Records from a data collection:
______________________________

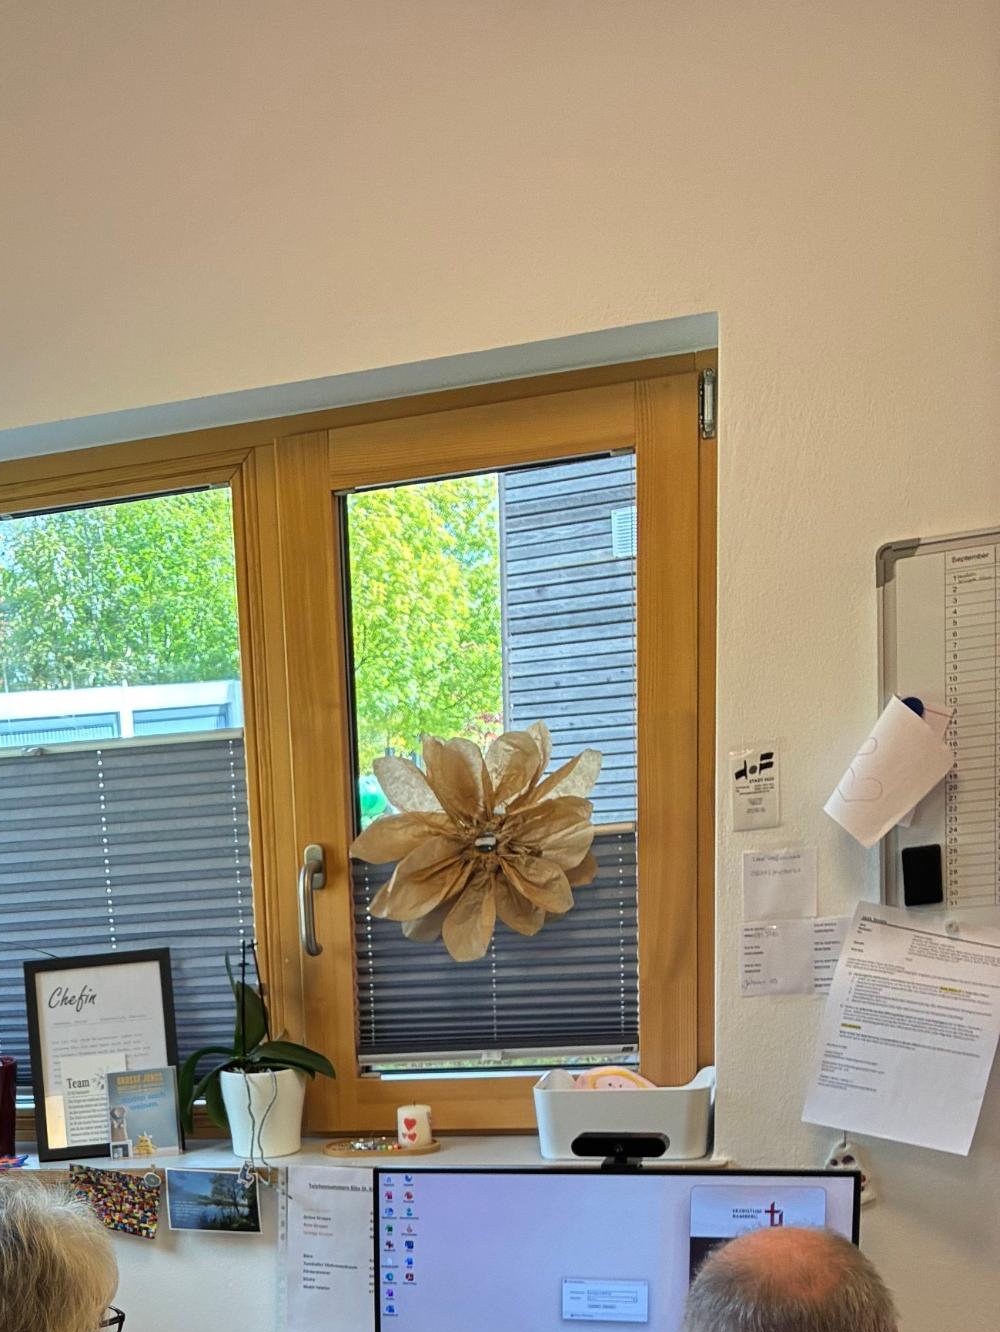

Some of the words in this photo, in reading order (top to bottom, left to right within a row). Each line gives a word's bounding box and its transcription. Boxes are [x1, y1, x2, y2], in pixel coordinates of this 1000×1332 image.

[951, 552, 990, 564] September
[47, 984, 97, 1013] Chefin
[66, 1078, 90, 1089] Team
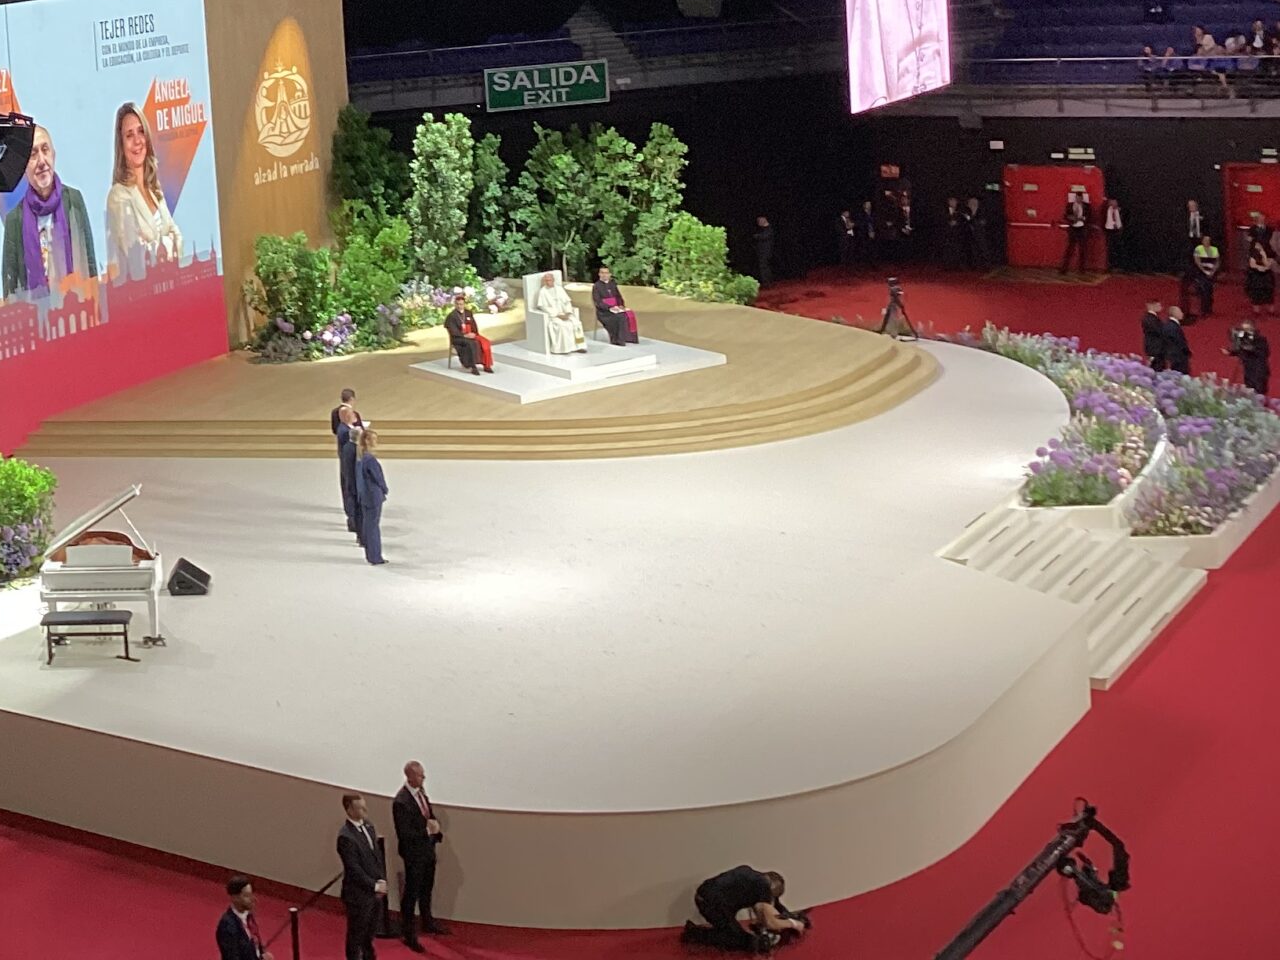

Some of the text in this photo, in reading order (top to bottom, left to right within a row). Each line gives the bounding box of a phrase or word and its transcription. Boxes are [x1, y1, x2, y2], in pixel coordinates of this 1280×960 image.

[100, 13, 155, 40] TEJER REDES
[492, 65, 599, 91] SALIDA
[523, 87, 570, 105] EXIT
[156, 104, 208, 131] DE MIGUEL
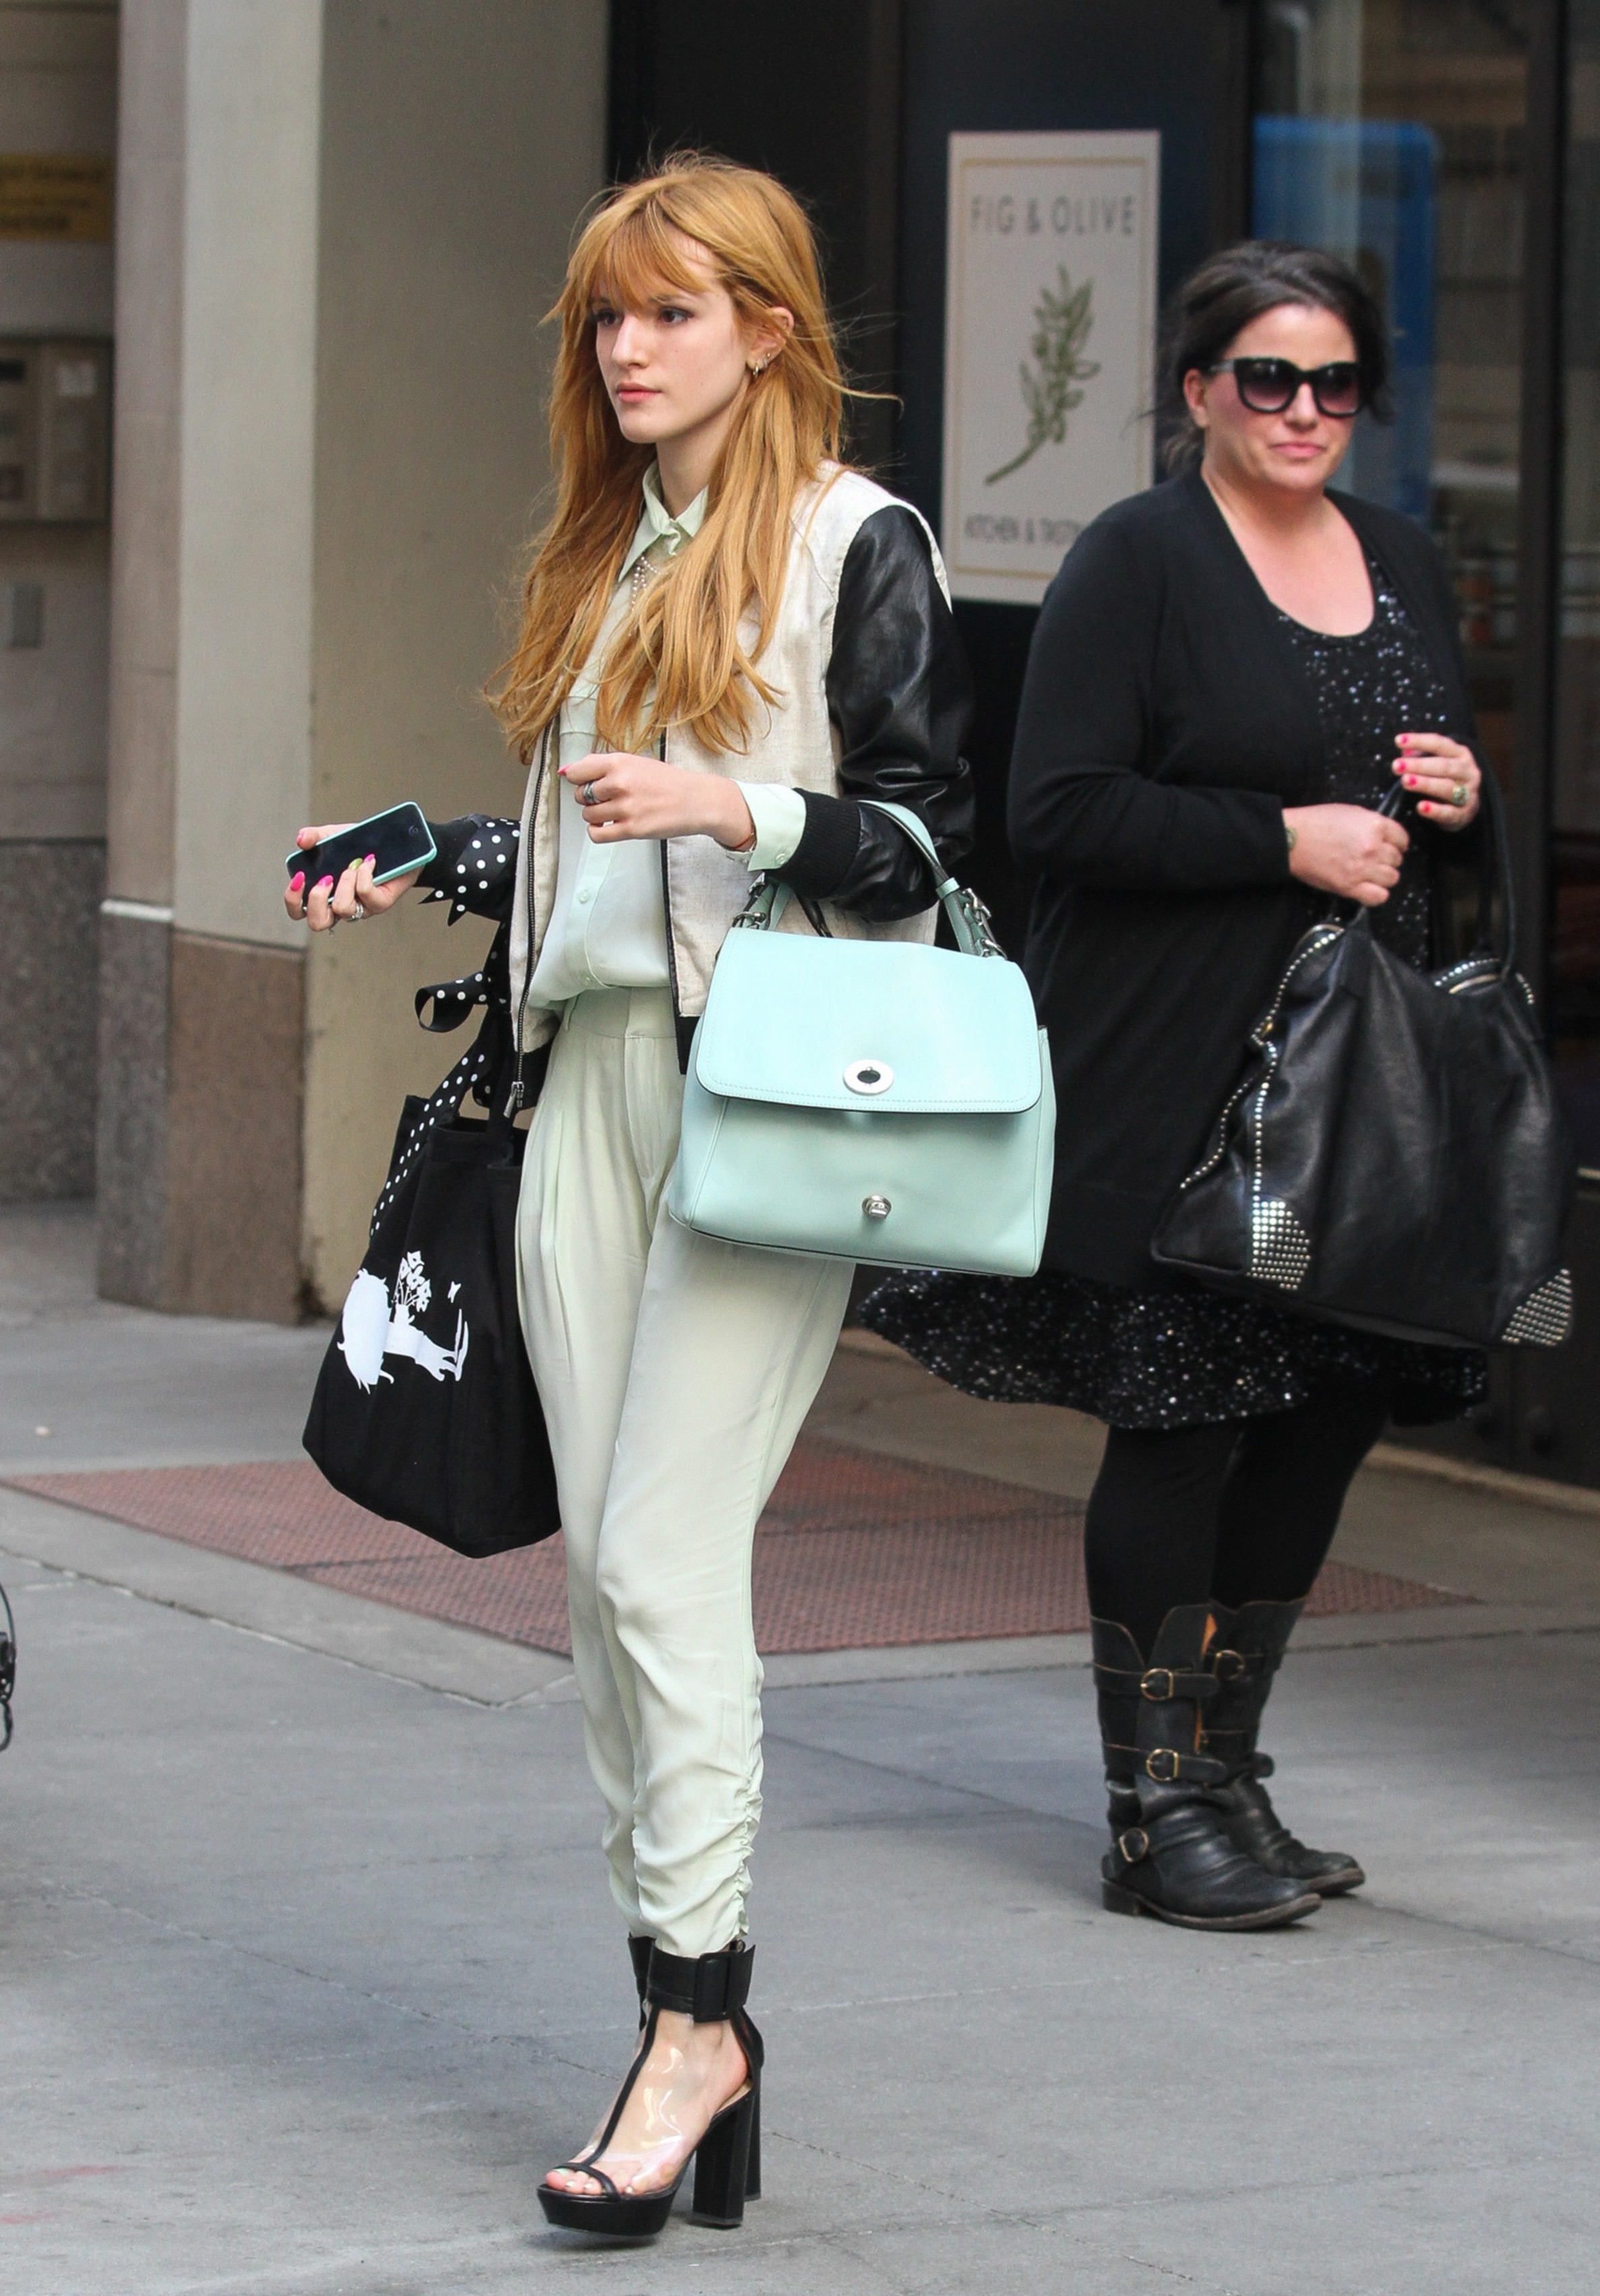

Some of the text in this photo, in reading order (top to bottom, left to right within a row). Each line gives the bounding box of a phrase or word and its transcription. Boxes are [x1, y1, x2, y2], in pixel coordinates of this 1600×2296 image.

[971, 194, 1135, 236] FIG & OLIVE
[1025, 517, 1036, 545] &
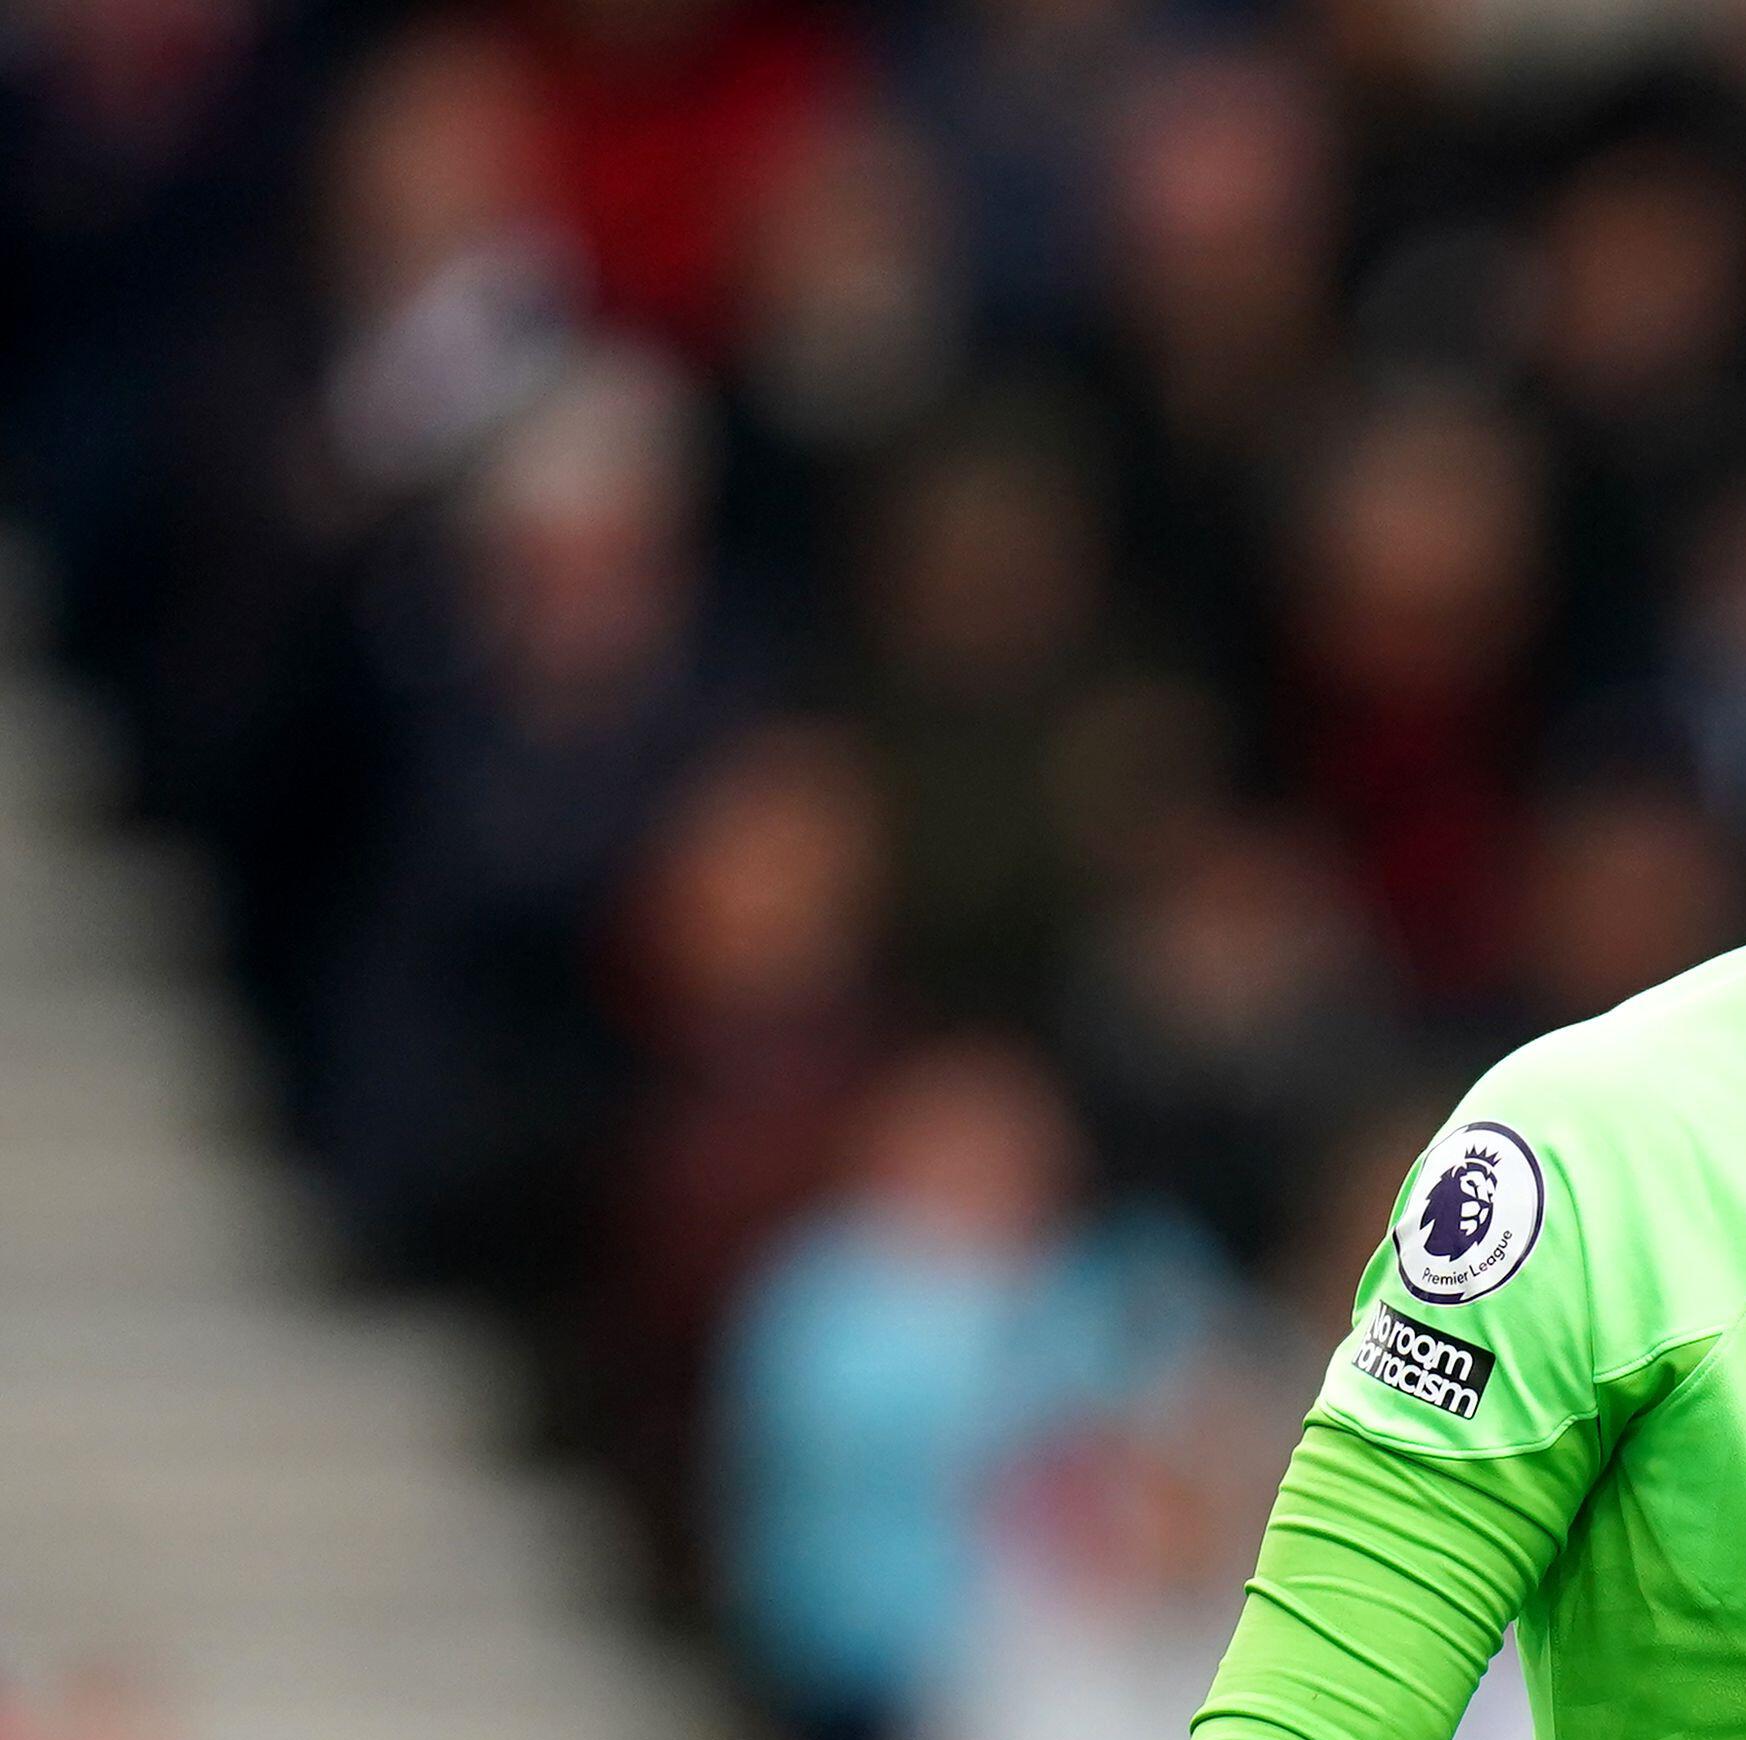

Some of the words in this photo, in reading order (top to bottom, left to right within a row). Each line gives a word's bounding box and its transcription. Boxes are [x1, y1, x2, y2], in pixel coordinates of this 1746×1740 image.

[1422, 1267, 1469, 1286] Premier
[1469, 1230, 1513, 1278] League
[1387, 1320, 1474, 1381] room
[1374, 1351, 1479, 1418] racism

______________________________

- **About this task**
Repeat the records in full and exactly, leaving every picture out.

- **Finished task**
Some of the words in this photo, in reading order (top to bottom, left to right within a row). Each line gives a word's bounding box and its transcription. Boxes are [x1, y1, x2, y2], in pixel coordinates of this 1000×1332 image.

[951, 552, 990, 564] September
[47, 984, 97, 1013] Chefin
[66, 1078, 90, 1089] Team

Some of the text in this photo, in reading order (top to bottom, left to right within a row). Each line gives the bounding box of a phrase or word and its transcription. Boxes are [x1, y1, x2, y2], in pixel coordinates of this 1280×960 image.

[100, 13, 155, 40] TEJER REDES
[492, 65, 599, 91] SALIDA
[523, 87, 570, 105] EXIT
[156, 104, 208, 131] DE MIGUEL

Some of the text in this photo, in reading order (top to bottom, left to right within a row). Each line gives the bounding box of a phrase or word and its transcription. Boxes are [x1, y1, x2, y2], in pixel coordinates of this 1600×2296 image.

[971, 194, 1135, 236] FIG & OLIVE
[1025, 517, 1036, 545] &

Some of the words in this photo, in reading order (top to bottom, left to right within a row). Each line gives a word's bounding box and its transcription. Boxes are [x1, y1, x2, y2], in pixel coordinates of this 1746×1740 image.

[1422, 1267, 1469, 1286] Premier
[1469, 1230, 1513, 1278] League
[1387, 1320, 1474, 1381] room
[1374, 1351, 1479, 1418] racism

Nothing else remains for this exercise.